Free-text object descriptions:
--------
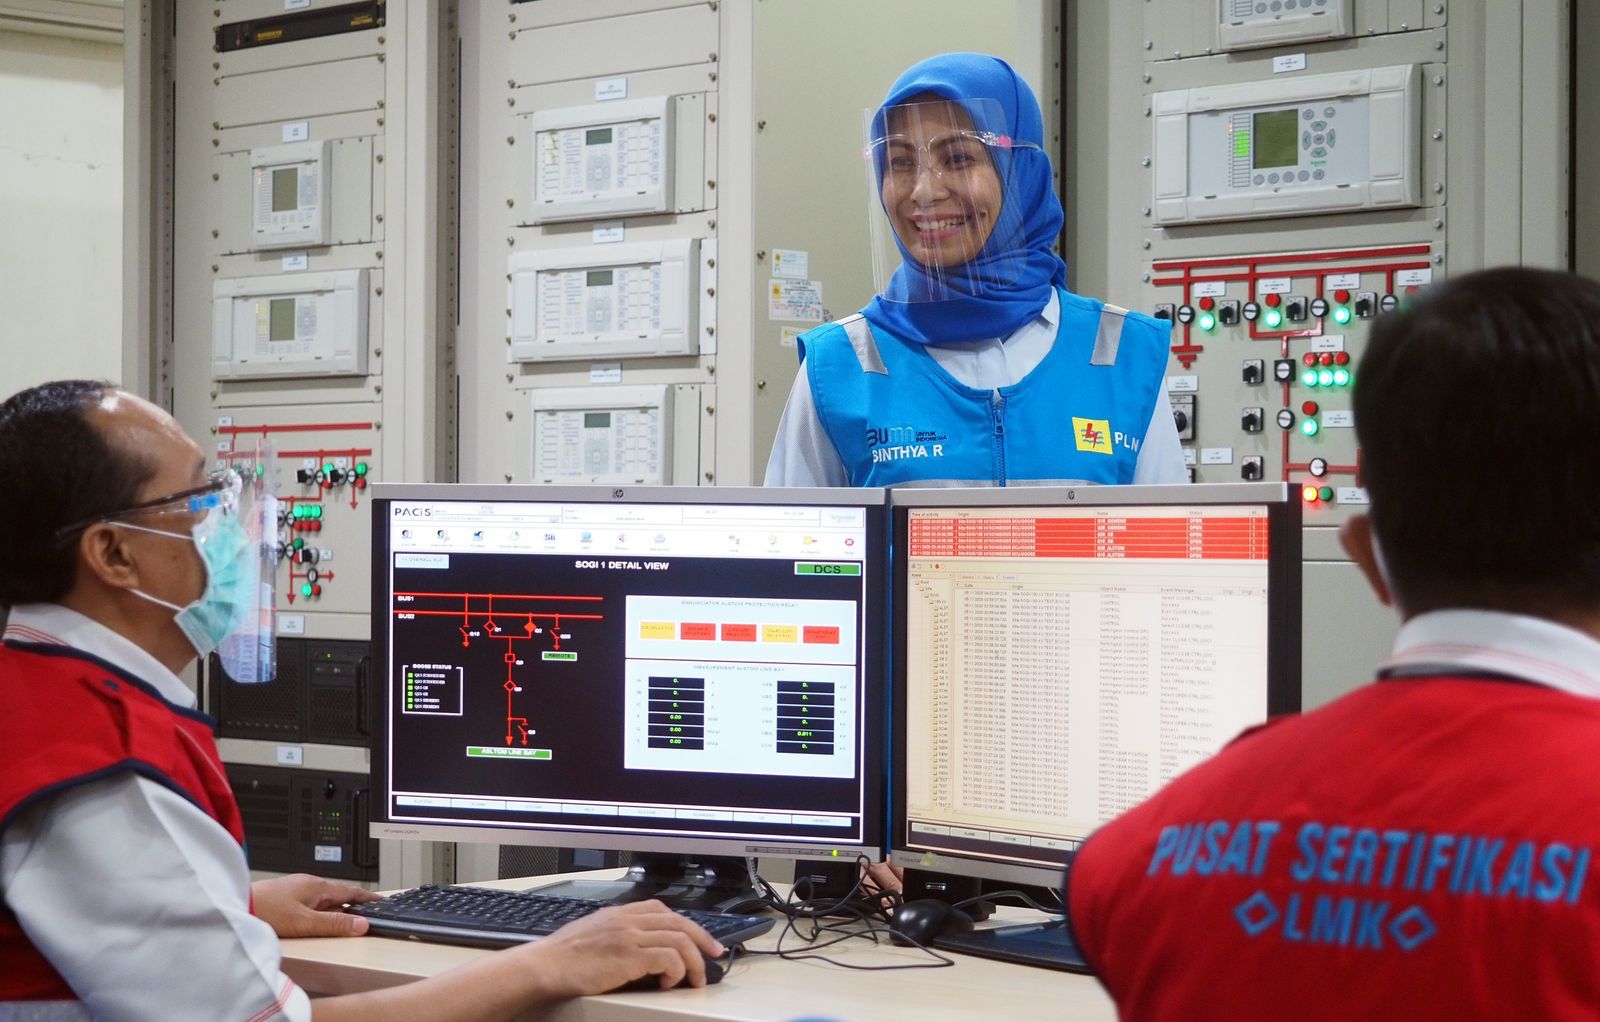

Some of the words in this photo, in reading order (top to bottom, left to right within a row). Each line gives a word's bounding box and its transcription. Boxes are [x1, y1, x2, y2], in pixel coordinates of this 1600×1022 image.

[1114, 431, 1139, 452] PLN
[872, 445, 928, 463] SINTHYA
[933, 444, 944, 457] R
[814, 564, 842, 574] DCS
[1146, 820, 1281, 878] PUSAT
[1290, 821, 1590, 904] SERTIFIKASI
[1283, 892, 1391, 950] LMK
--------
Instructions for the task:
The records above need to be copied exactly, with the pictures left out.

Response for this exercise:
Some of the words in this photo, in reading order (top to bottom, left to right within a row). Each line gives a word's bounding box and its transcription. Boxes are [x1, y1, x2, y2], in pixel coordinates of this 1600×1022 image.

[1114, 431, 1139, 452] PLN
[872, 445, 928, 463] SINTHYA
[933, 444, 944, 457] R
[814, 564, 842, 574] DCS
[1146, 820, 1281, 878] PUSAT
[1290, 821, 1590, 904] SERTIFIKASI
[1283, 892, 1391, 950] LMK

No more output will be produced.